こんにちは。助産院ばぶばぶ院長のHISAKOです。今日は、赤ちゃんが風邪などの体調不良のときに迷う「小児科と耳鼻科とどっち?」という疑問について、お話ししたいと思います。
小児科は総合的に診てくれる場所
小児科は、子どもの全身状態を総合的に診てくれます。血液検査や点滴もしてもらえます。基本的に風邪はウイルス感染ですが、子どもは風邪をひくと抵抗力が落ちるので、鼻や耳の奥に二次的な細菌感染が起き、中耳炎や副鼻腔炎を併発することがあります。
小児科では、鼻の奥、耳の奥の二次的炎症までは詳しく診ることができません。鼻や耳の奥の膿を外に出してしまえば良くなるのだけど、小児科では「鼻を吸う」「鼓膜切開」などという処置はしてもらえません。
耳鼻科はのどから上の専門科
耳鼻科は、のどから上の不具合の診断と治療の専門科です。

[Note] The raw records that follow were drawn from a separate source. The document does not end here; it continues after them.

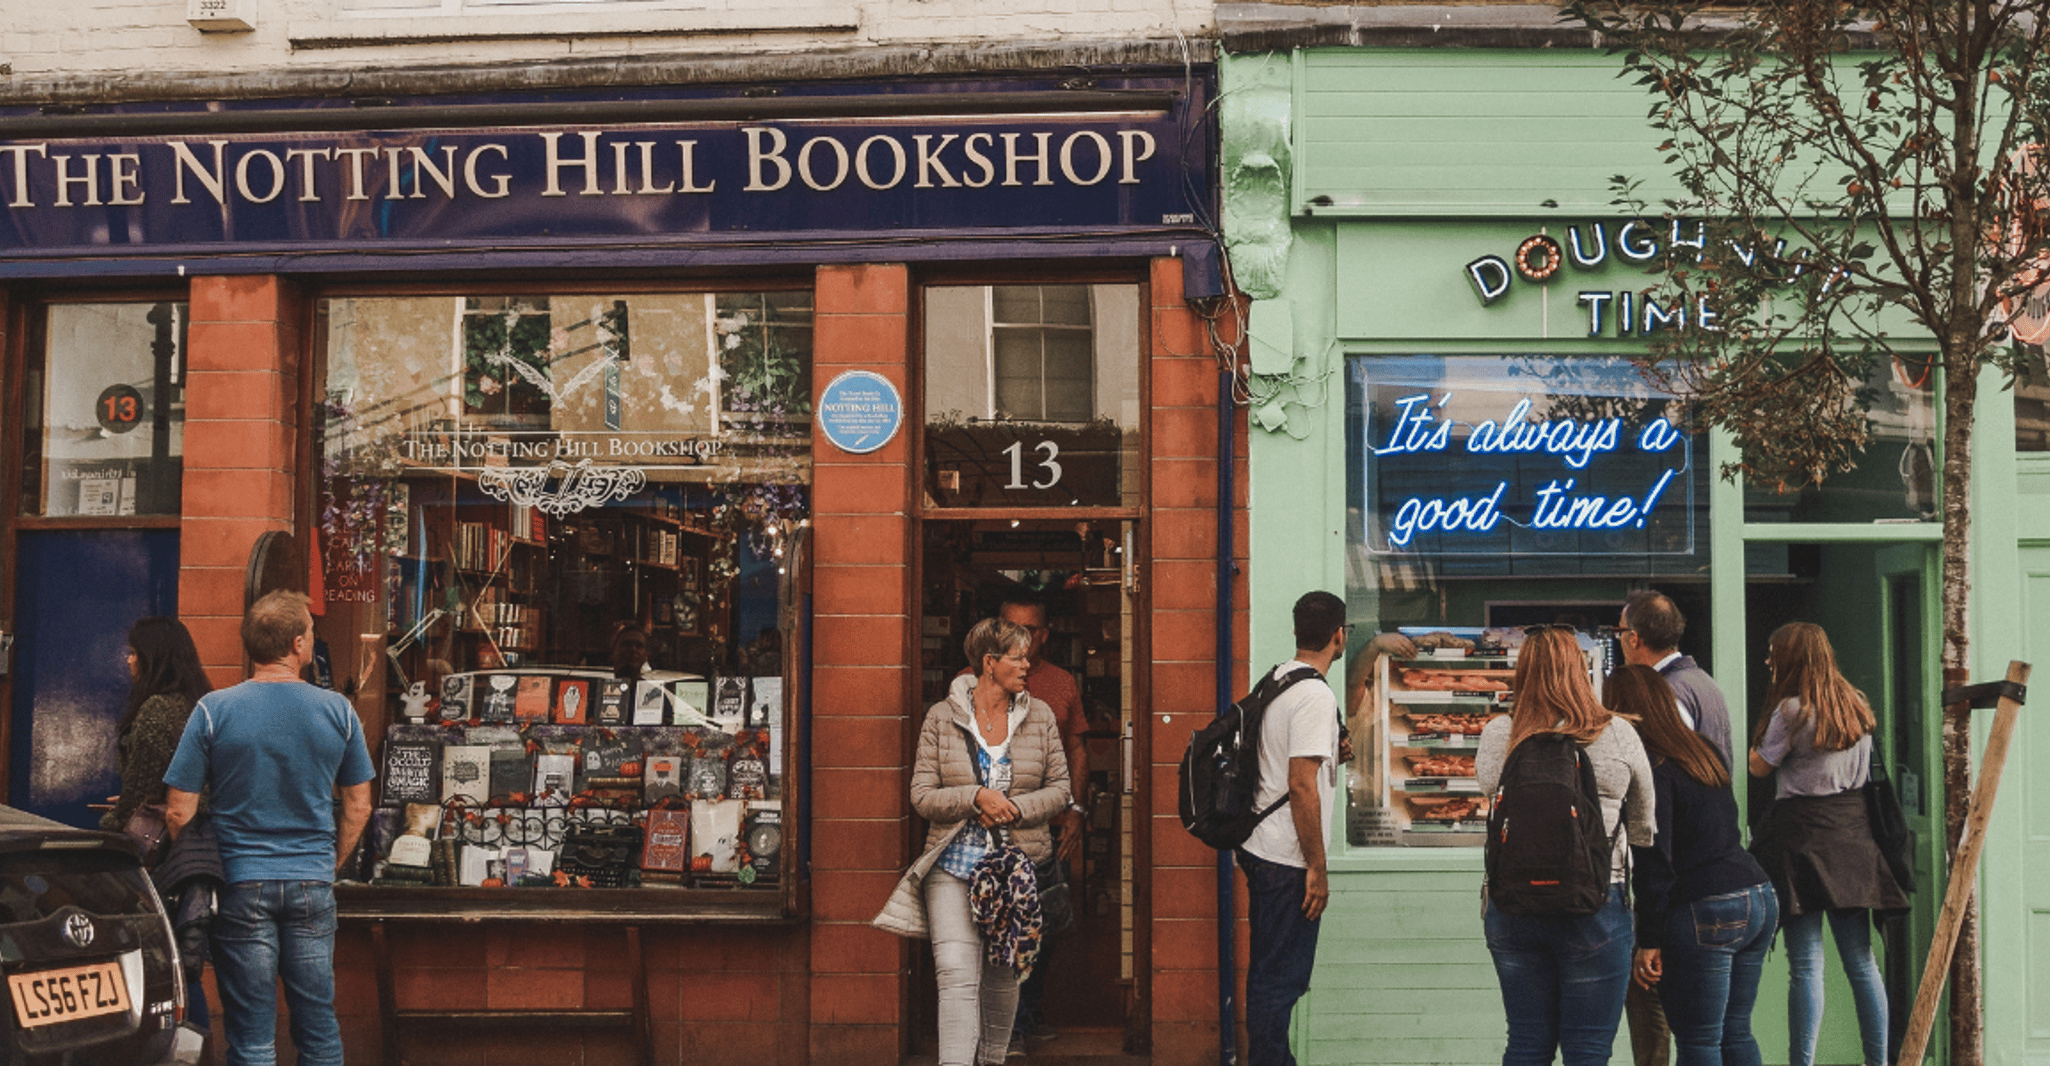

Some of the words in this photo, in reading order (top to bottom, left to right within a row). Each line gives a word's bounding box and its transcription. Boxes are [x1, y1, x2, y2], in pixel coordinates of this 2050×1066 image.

[0, 142, 146, 207] THE
[168, 140, 512, 204] NOTTING
[539, 130, 715, 196] HILL
[742, 127, 1156, 192] BOOKSHOP
[1577, 291, 1724, 336] TIME
[103, 395, 137, 422] 13
[824, 403, 870, 412] NOTTING
[872, 403, 895, 412] HILL
[1374, 391, 1453, 455] It's
[1467, 397, 1621, 468] always
[1640, 418, 1680, 451] a
[404, 439, 447, 458] THE
[453, 439, 550, 458] NOTTING
[555, 438, 604, 457] HILL
[609, 437, 723, 457] BOOKSHOP
[1002, 440, 1063, 490] 13
[1388, 481, 1507, 546] good
[1532, 468, 1676, 529] time!
[338, 575, 359, 587] ON
[18, 976, 78, 1019] LS56
[78, 972, 120, 1010] FZJ

小児科ではお手上げだった二次的感染は、耳鼻科の得意分野! 鼻を吸ったり、吸入器で鼻の奥にまんべんなく薬を吹き付けたりする処置も可能。中耳炎では、鼓膜切開で中に溜まっている膿を簡単に出してくれます。また、抗生剤も処方してくれます。
ただ、耳鼻科はのどから上の専門ゆえに、気管支や肺など、呼吸器系の病変の診断は不得意です。小児科のように、病気を総合的に判断するのは苦手なんですね。
風邪に抗生物質は効かない?
「風邪は“抗生剤”を飲んだらすぐに治る」と思っている人も多く、風邪をひいたら小児科じゃなく、抗生剤が欲しいから耳鼻科に行くという話もよく聞きます。
でも実は、いわゆる風邪はウイルス感染症なので抗生剤は効きません。抗生剤は細菌感染にだけ効果があります。耳鼻科で安易に抗生剤を処方され、飲み続けていると、鼻の奥には抗生剤の効かない細菌がどんどん増殖してしまいます。結果、病気をしやすい子になってしまう可能性もあるんですね。
それぞれのメリットを理解しよう
小児科は子どもの一生を考えて総合的な判断をするので、タチの悪い細菌感染症でないことを確認したうえで、重篤で細菌感染が起きる可能性が高いもの以外の緊急性の低い風邪に対しては抗生剤に頼りません。なるべく子どもが本来持っている自然治癒力を大切に考えます。
耳鼻科は、細菌感染で起きる中耳炎や副鼻腔炎を治すのが仕事だから、すぐに抗生剤を出してくれるわけだけど、よほどひどい中耳炎や蓄膿でない限り、単なる風邪にともなう中耳炎ぐらいなら抗生剤を使わず、膿を吸って取り除いてもらうだけで十分だと私は思います。
ウイルス相手の小児科と細菌相手の耳鼻科。それぞれの立場で治療の方法が違います。うまく使い分けて受診することができたらいいですね。